Entre los numerosos lugares culturales a visitar: el Museo de Historia de la Medicina, el Museo de la Mineralogía y el Museo del Luxemburgo que alberga el Senado. El Museo Delacroix, que describe la vida del pintor, el Museo de la Moneda, el Museo Zadkine que es el museo que revela las obras del escultor ruso Zadkine y, finalmente, el Museo Hébert que nos da su visión de Italia a través de sus pinturas.
Para relajarse agradablemente, podrá asistir a una representación en el Teatro del Odéon, o escuchar un concierto en la Iglesia Saint-Germain-des-Prés.
Este barrio adquirió su espíritu gracias al poder atractivo que ejercía sobre los intelectuales desde el siglo XVII. Estos últimos, en cuanto pasaban por Saint-Germain dejaban la huella de su talento. Para convencerse de que Saint-Germain inspira…
En cuanto a inspiración, el Café de Flore, Les Deux Magots y la Brasserie Lipp no se quedaban atrás. Los debates entre filósofos animaban las pasiones.

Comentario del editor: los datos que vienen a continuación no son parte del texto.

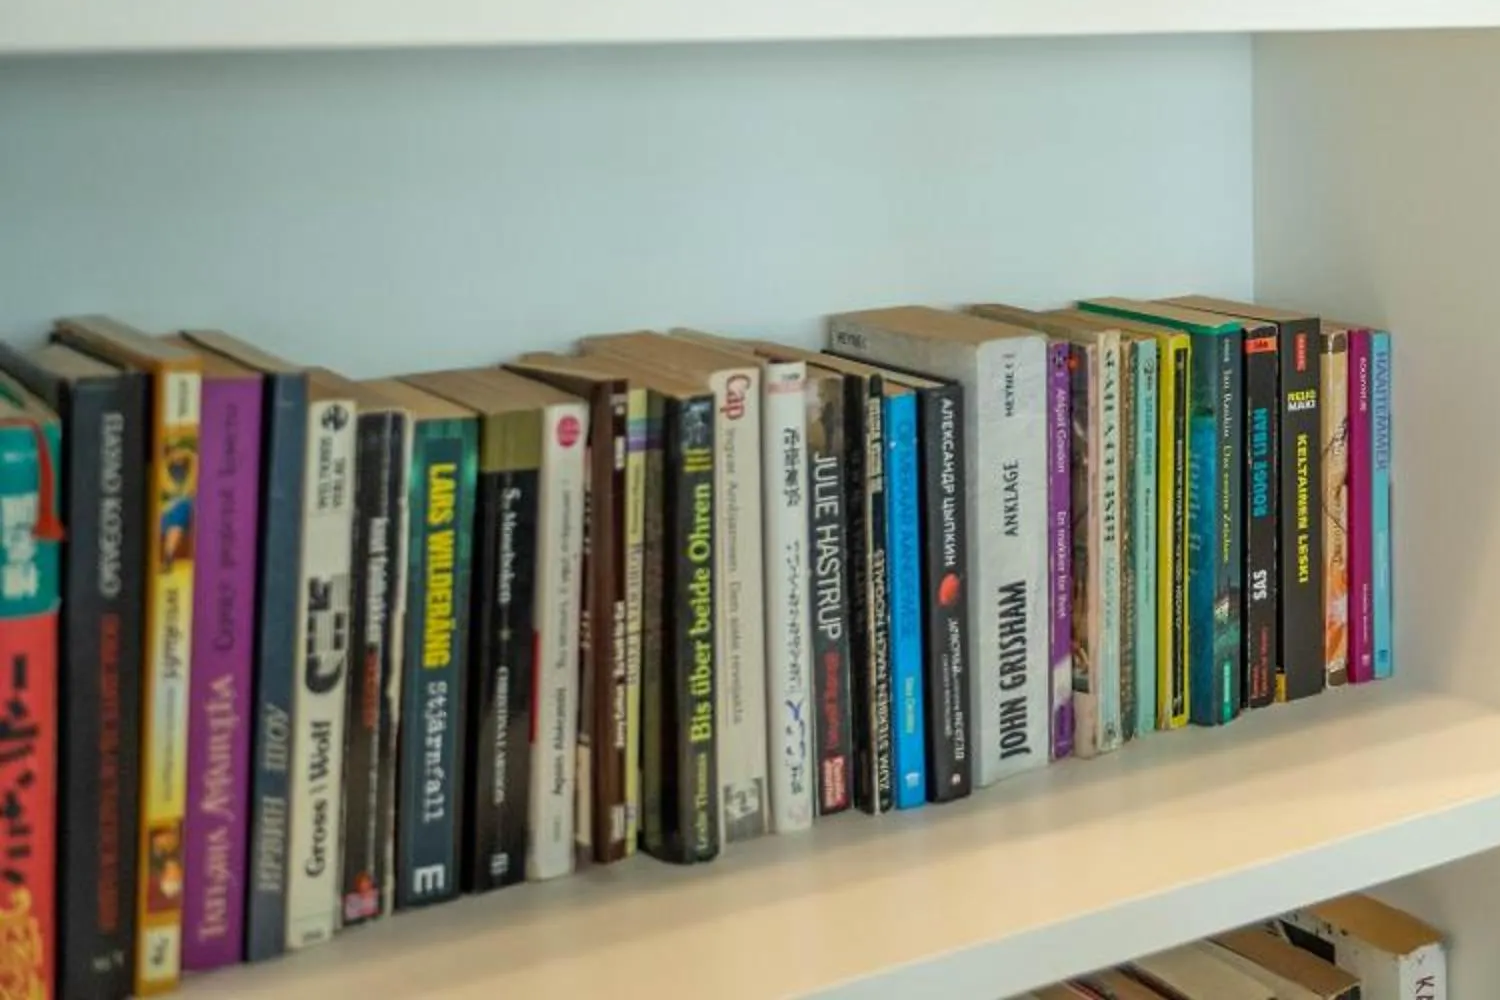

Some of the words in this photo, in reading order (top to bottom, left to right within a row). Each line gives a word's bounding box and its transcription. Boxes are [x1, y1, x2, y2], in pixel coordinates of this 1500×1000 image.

En la actualidad, la atmósfera literaria no ha abandonado el lugar, ha convencido a las galerías de arte instalarse. Ahora se amontonan en la Rue de Seine.
En todo Saint Germain, se trata de arte y de cultura. Póngase a callejear y vaya al descubrimiento de las galerías de arte y de antigüedades, de los vendedores de autógrafos (algunas palabras de Cocteau, Verlaine, Wagner, Pagnol…) y de las librerías.